John Beaudin - Hi George. Thanks for doing another interview with me.

George - Hi again John, it's no problem at all.

John - When you think of the young George Benson, what advice would you give him?

George - Practice more. (laughing)

John - (laughing)

George - (laughing) Because your competitors are busy at work. They are in the business of getting ahead and furthering their careers and the best way to do that is to practice and get to know your instrument. Whether it's your vocals or your instrument.

Spending some time with George Benson during the intermission at the Canadian Smooth Jazz Awards. (From left to right) Cameron Smith (broadcaster Nominee) host of Smooth Jazz TV, Smooth Jazz Now President John Beaudin (Awards co-chair/co-creator and Broadcaster Nominee), George Benson (Lifetime Achievement Award winner) and Walle Larsson (Broadcaster nominee) of Cool FM in Winnipeg April 10, 2005.

John - How conscience were you of The Wave launching in 1987?

George - Yeah, I did see it happening and it was very fresh, it was a fresh approach. I was hoping to get a little more Jazz into it but I could understand where they were going. They were dealing with a modern audience who had different tastes so it was good to see it coming and I saw a lot more instrumentals being played and that was good.

John - I know you and Earl Klugh go way back to well before the "Collaboration" album. What was it about Earl that really hit you?

George - Well, first of all he was only the second African American in the United States that I saw playing classical guitar and he was so young. He was only sixteen or seventeen years old at the time. He had that finger style technique down pat, he wasn't a fiery guitar player but he had a lot of sentimentality to his playing and he's very believable so it wasn't just technique with him. There was only one before him and that was Bill Harris and Bill was a friend of Charlie Bird that cat Bill Harris made that finger style popular in the United States with the Bossa Nova music. Earl was the first one who came along after the Bossa Nova period died that I heard play the acoustic guitar and I knew that if he was successful I knew that he'd be one of a kind in the United States and for ten years he was. When people caught onto his playing in 1976 there was no on for the next ten years until Captain Fingers.

John - Yeah, Lee Ritenour.

George - Yeah, Lee Ritenour started playing the Classical guitar, I think he started playing with a pick; I don't even think he played it with his hands. He started playing the acoustic, round hole guitar and that sound just started taking off but I have to give Earl the credit for making it popular in the United States. I knew it would happen and that's what I told him although he disagreed. He played with a pick and he plays very well with a pick. You know he was the cat who replaced (Bill)Connors in Chick Corea's band. So you know he had to play something, he wasn't playing acoustic he was playing with a pick and Chick loved him. So he had to change all of that and I knew that wasn't the real Earl.

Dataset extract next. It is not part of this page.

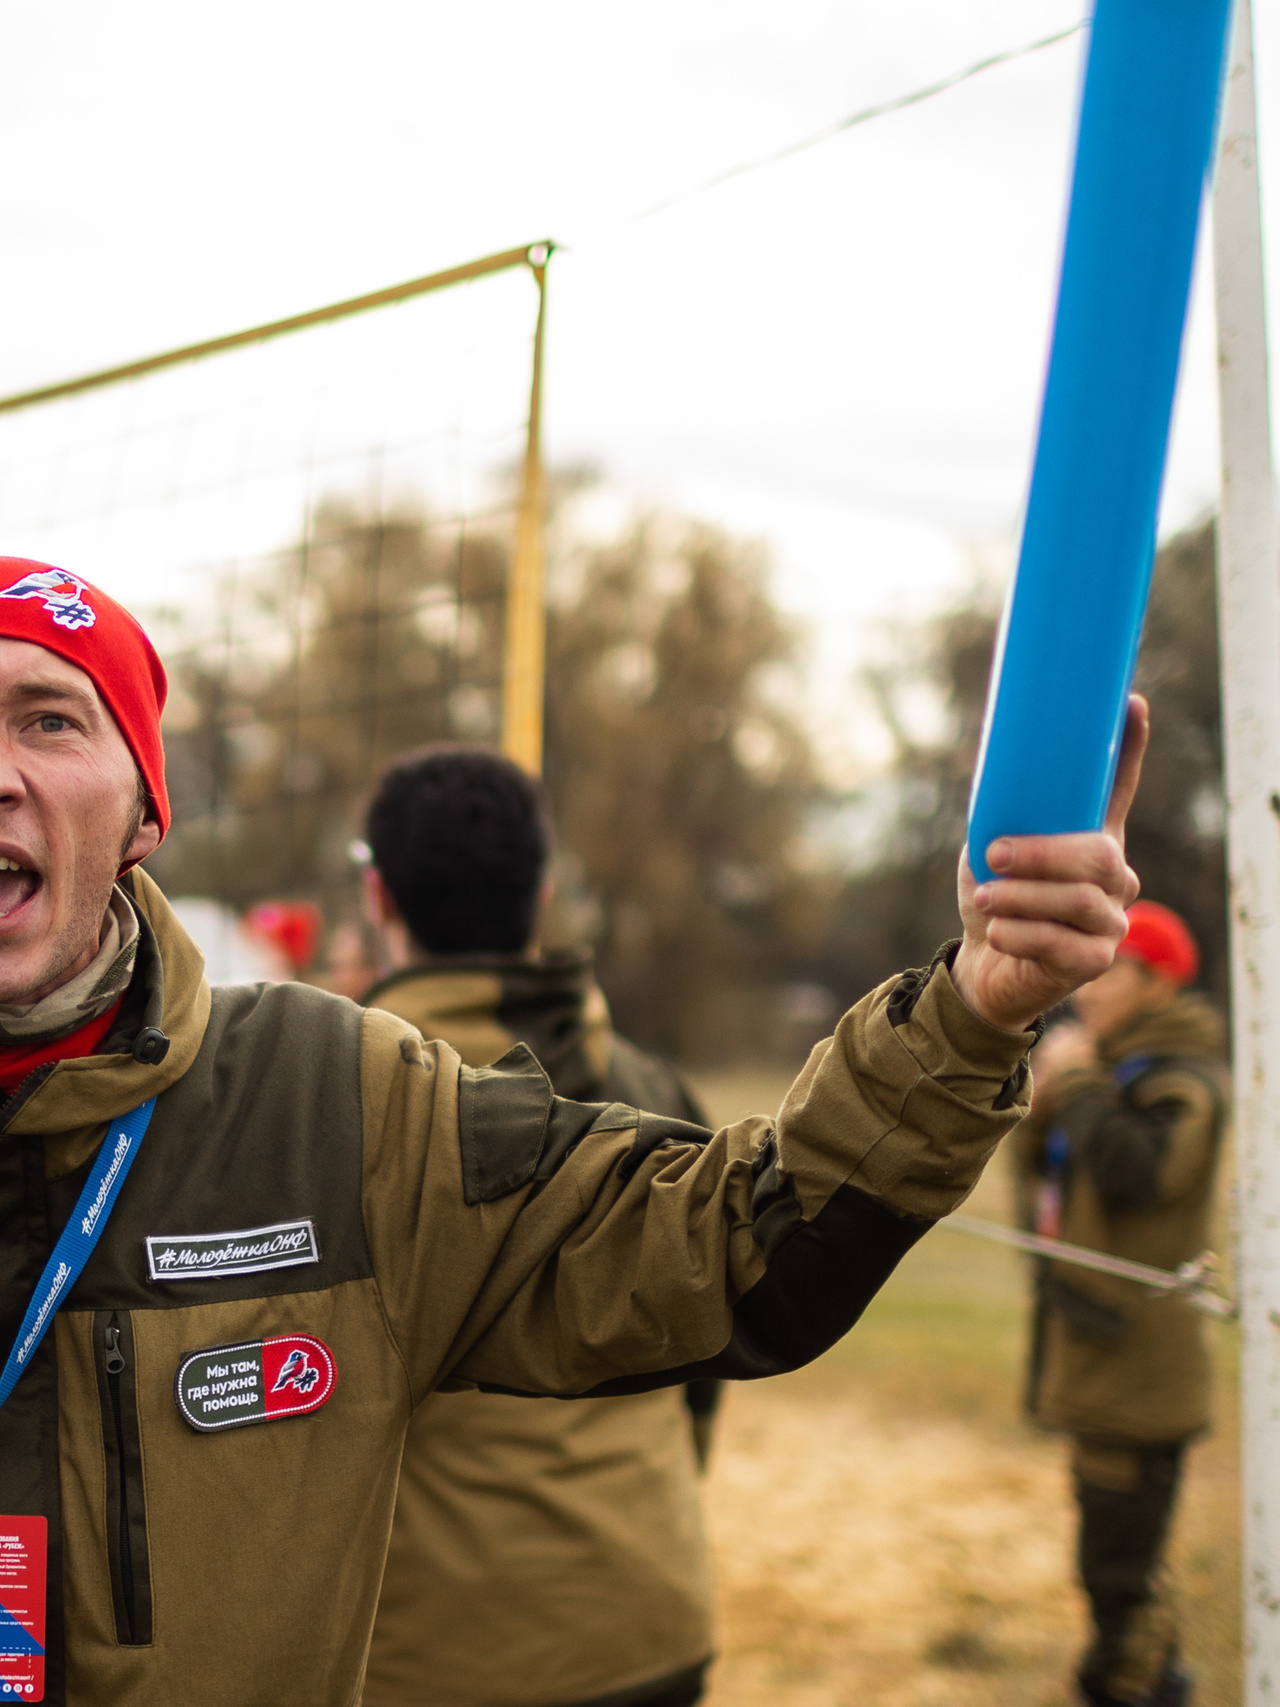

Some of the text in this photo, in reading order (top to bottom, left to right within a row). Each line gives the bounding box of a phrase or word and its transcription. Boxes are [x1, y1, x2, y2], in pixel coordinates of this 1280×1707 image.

[155, 1229, 310, 1271] #МолодёжкаОНФ
[206, 1360, 260, 1379] Мы там,
[187, 1375, 258, 1400] где нужна
[203, 1392, 259, 1412] помощь

John - I'm set to talk to Earl in the next few months. I really look forward to it. Tell me what was the process of picking the tunes for the "Breezin" album?

George - Well, Tommy Lipuma was the man that came to me with the songs and some were songs that I didn't particularly agree on and I didn't feel that comfortable about but you know he was always thinking about what it would do to the public and that's what an A&R man is suppose to do - Artist and Repertoire. He was a good one, he's one of the best there is. What he does before and after the product is what makes him so great. First he found the songs that he felt that I could really put over, he was the one who suggested that I do "On Broadway" and "This Masquerade" but I didn't feel good about either one of them. I did like the Jose Feliciano tune "Affirmation" because I always liked the Latin tunes that allowed me to be Jazzy on top and they always had great rhythms underneath you know.

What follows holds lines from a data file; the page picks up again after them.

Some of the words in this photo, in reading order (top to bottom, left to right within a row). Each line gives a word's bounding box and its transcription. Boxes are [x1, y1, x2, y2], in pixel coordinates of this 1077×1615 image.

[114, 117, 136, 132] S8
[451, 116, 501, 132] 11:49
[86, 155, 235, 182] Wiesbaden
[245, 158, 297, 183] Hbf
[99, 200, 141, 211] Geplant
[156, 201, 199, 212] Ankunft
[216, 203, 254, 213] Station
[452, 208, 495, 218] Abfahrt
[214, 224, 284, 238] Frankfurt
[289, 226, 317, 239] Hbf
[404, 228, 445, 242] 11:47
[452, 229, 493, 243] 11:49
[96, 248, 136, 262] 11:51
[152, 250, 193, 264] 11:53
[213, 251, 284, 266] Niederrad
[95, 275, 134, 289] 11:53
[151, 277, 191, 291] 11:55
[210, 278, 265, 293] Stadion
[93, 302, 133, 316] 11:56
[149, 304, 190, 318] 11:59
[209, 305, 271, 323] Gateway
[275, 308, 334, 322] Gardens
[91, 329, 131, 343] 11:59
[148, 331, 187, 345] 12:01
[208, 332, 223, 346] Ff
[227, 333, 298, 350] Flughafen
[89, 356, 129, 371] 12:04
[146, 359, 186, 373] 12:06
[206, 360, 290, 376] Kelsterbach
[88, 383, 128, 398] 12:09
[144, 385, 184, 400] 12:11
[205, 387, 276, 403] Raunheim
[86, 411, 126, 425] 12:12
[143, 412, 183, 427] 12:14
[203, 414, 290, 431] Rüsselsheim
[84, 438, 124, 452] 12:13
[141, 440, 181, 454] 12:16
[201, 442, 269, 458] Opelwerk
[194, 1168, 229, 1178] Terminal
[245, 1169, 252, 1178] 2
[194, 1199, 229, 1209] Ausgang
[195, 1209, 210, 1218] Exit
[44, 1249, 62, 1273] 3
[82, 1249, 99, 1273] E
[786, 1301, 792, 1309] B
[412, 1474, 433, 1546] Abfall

John - What was your biggest problem with "On Broadway?"

George - It was because it was such a big classic and remember I'm a singer and I have great respect for other singers so I didn't want to step on anybody's toes that already had made the world happy with that song.

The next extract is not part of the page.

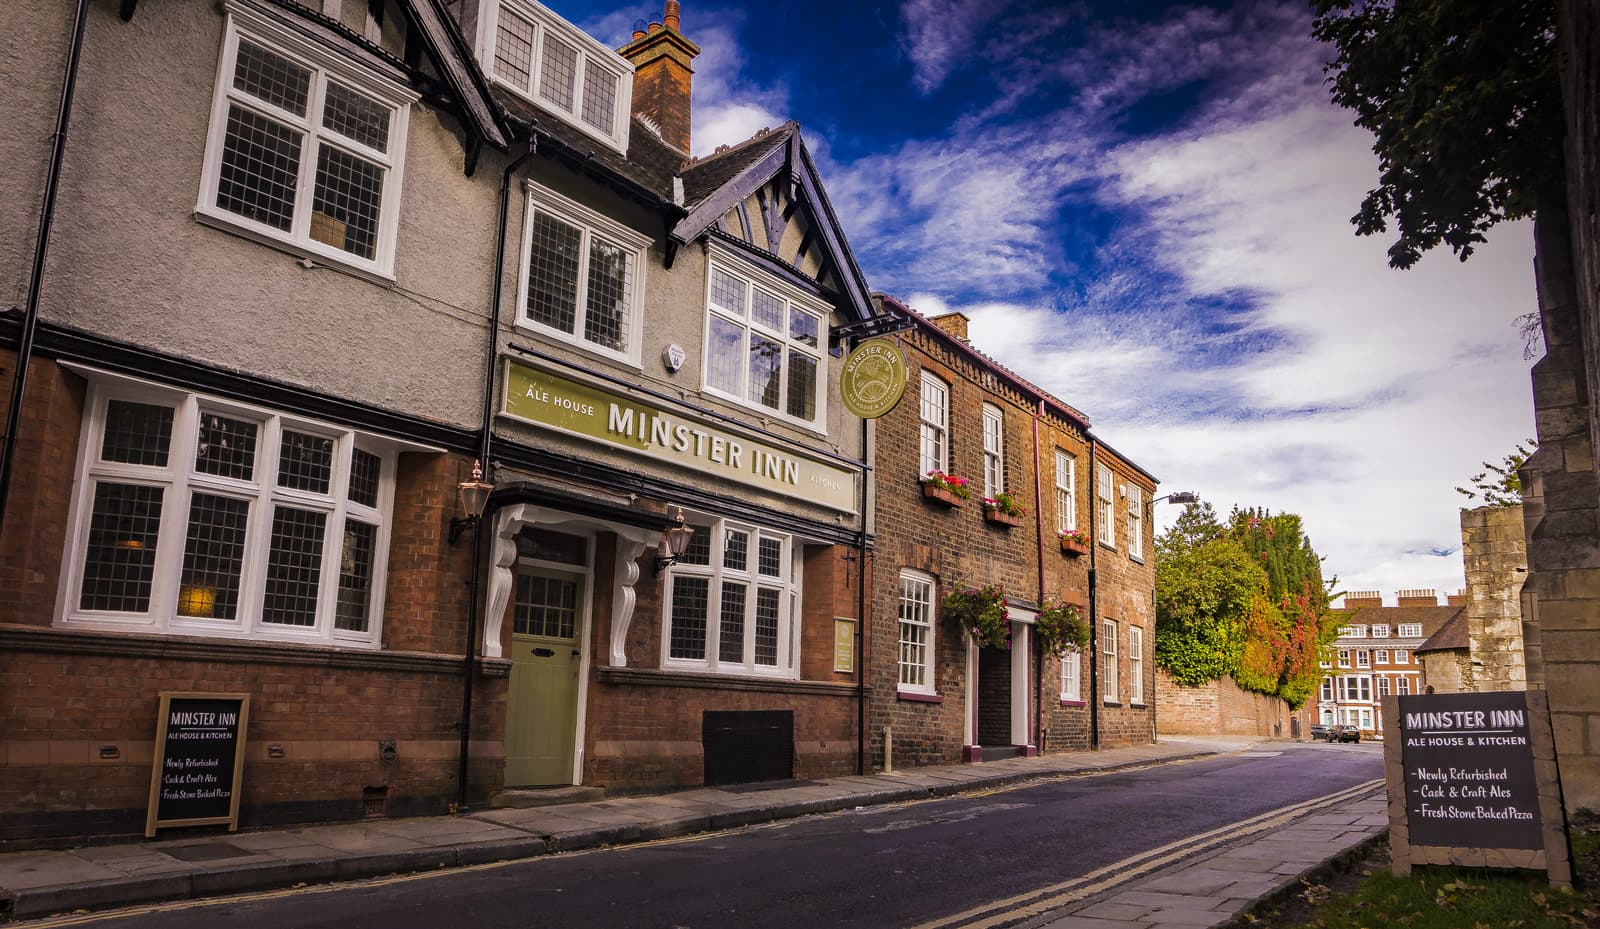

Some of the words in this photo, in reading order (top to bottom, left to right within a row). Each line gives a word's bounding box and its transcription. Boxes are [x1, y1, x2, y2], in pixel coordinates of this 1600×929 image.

John - Sure, I hear you but that's like your song now! Many people look at that tune as a Benson song now.

George - Well, I see that and the greatest compliment that was ever paid to me was when they did the play "Smoky Joes' Cafe" in New York and they had a group in the play called the Drifters because they were really important to the guys who write all the songs. It was all about the composers who wrote for Atlantic Records. Leiber & Stoller was who the play was about and when they did the song "On Broadway" they used my rhythm concept (George hums the rhythm) and that was the thing that I changed that made the song mine, it gave it my own spin. I had such great respect for that song that I didn't want to destroy it. I told Tommy, "Let me mess with it a little bit." I was just hoping to find something to get around the original.

John - The album "Big Boss Band" was another reinvention, what was the catalyst to you doing that album with the Count Basie Orchestra?

George - Well, Count Basie and I were always talking about doing something together, he was like a grandfather to the music world. When you're talking Count Basie you're talking royalty for real, him and Duke Ellington. Count had such a relationship with Swing and when I would speak to him it would be like speaking to royalty and he always loved me and he always let me know that. I told him once I was writing a song for him and he said, "George, we have to do this album." I wrote this song called Basie's Bag" and I saw him backstage at the town where I live in New Jersey and I played the song for him live and he said, "George, call Frank Foster and tell him to start writing the arrangement so we can go into the studio to record it." But then he passed away right after that. Frank called me up a year later and I said we can still do this record. There's no reason why we can't because the band was still together so we all got together and did the album.

George Benson accepts his Lifetime Achievement Award At the very first Canadian Smooth Jazz Awards at the Oakville Centre of Performing Arts. April 10, 2005.

John - When did you become a Jehovah's Witness 1979?

George - Yeah, I got baptized then but I had been studying the bible many years before that with them.

John - What was it that helped you find that faith?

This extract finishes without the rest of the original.